▸ GOAL OF THE EXERCISE:
Write the listing out once more, identical to the original but without pictures.

▸ RECORDS SUPPLIED:
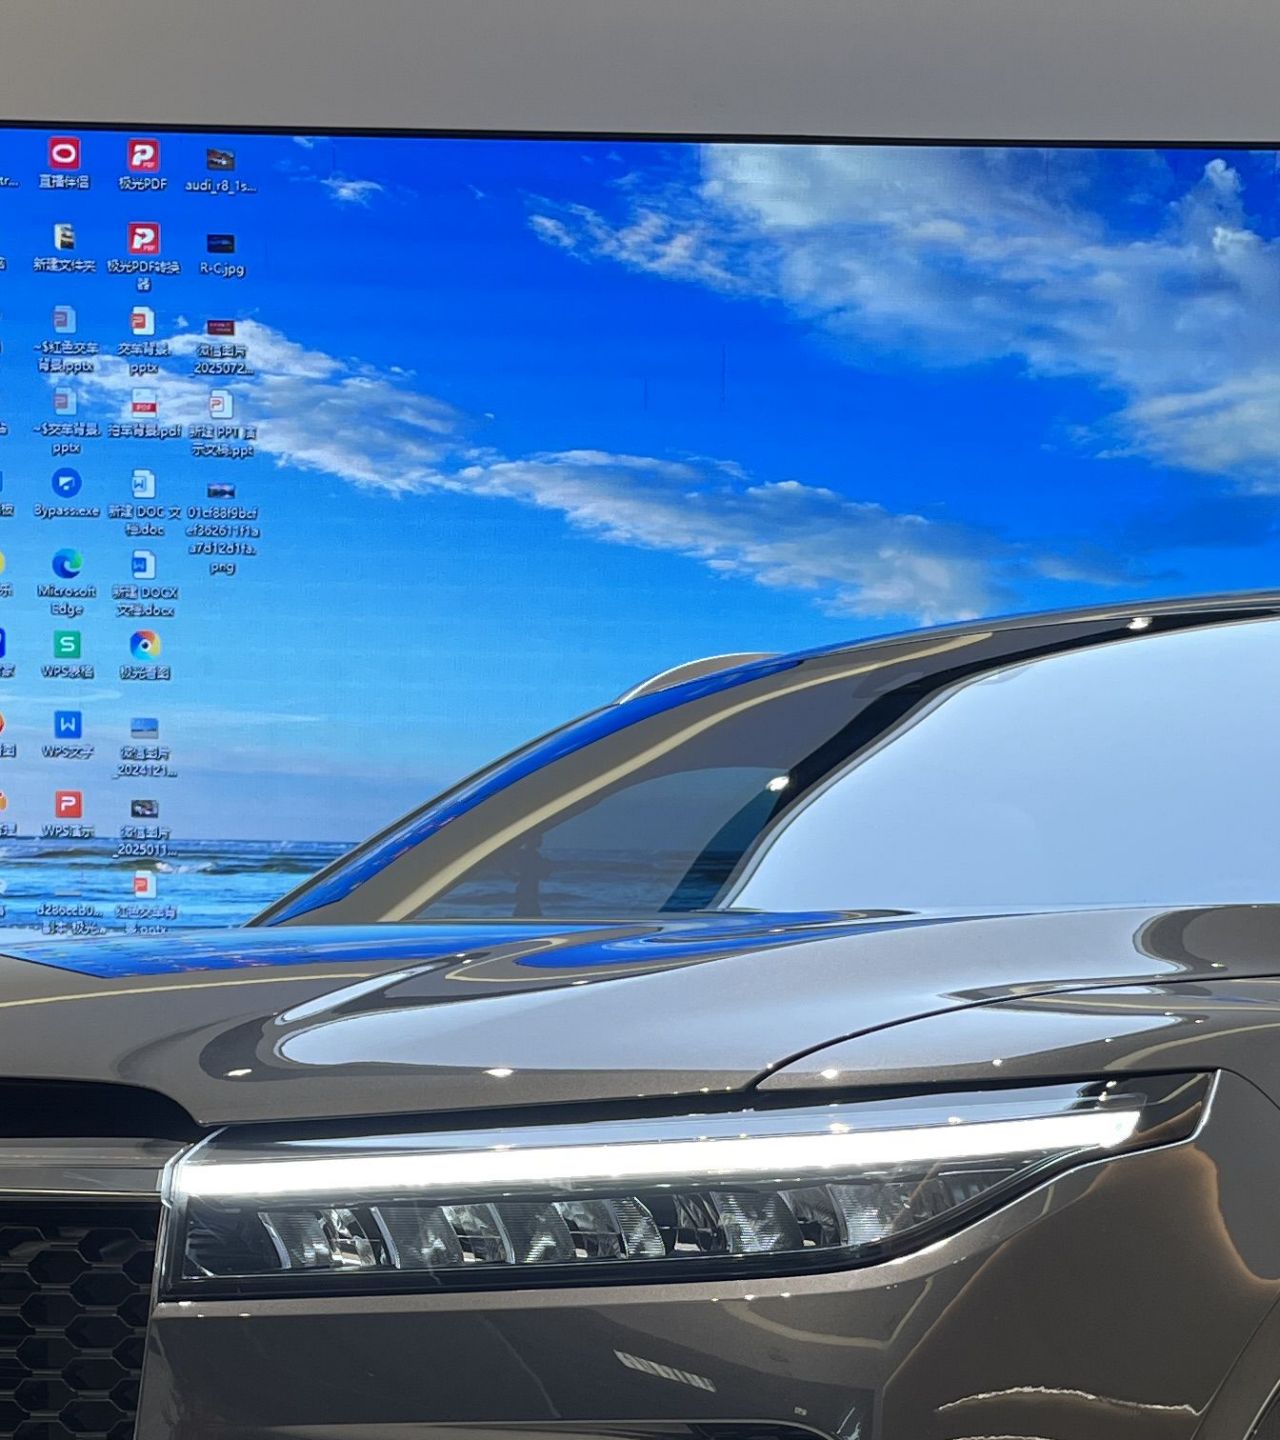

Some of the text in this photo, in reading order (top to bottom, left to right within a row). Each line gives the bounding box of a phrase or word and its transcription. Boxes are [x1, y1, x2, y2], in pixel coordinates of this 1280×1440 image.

[39, 174, 89, 189] 直播伴侣
[119, 176, 167, 190] 极光PDF
[33, 257, 97, 272] 新建文件夹
[200, 262, 245, 277] R-C.jpg
[131, 363, 159, 376] pptx
[52, 443, 80, 456] pptx
[34, 503, 100, 519] Bypass.exe
[137, 504, 163, 518] DOC
[210, 562, 235, 576] png
[38, 584, 97, 597] Microsoft
[141, 586, 178, 599] DOCX
[51, 602, 84, 618] Edge

▸ RESPONSE TO THE TASK:
Some of the text in this photo, in reading order (top to bottom, left to right within a row). Each line gives the bounding box of a phrase or word and its transcription. Boxes are [x1, y1, x2, y2], in pixel coordinates of this 1280×1440 image.

[39, 174, 89, 189] 直播伴侣
[119, 176, 167, 190] 极光PDF
[33, 257, 97, 272] 新建文件夹
[200, 262, 245, 277] R-C.jpg
[131, 363, 159, 376] pptx
[52, 443, 80, 456] pptx
[34, 503, 100, 519] Bypass.exe
[137, 504, 163, 518] DOC
[210, 562, 235, 576] png
[38, 584, 97, 597] Microsoft
[141, 586, 178, 599] DOCX
[51, 602, 84, 618] Edge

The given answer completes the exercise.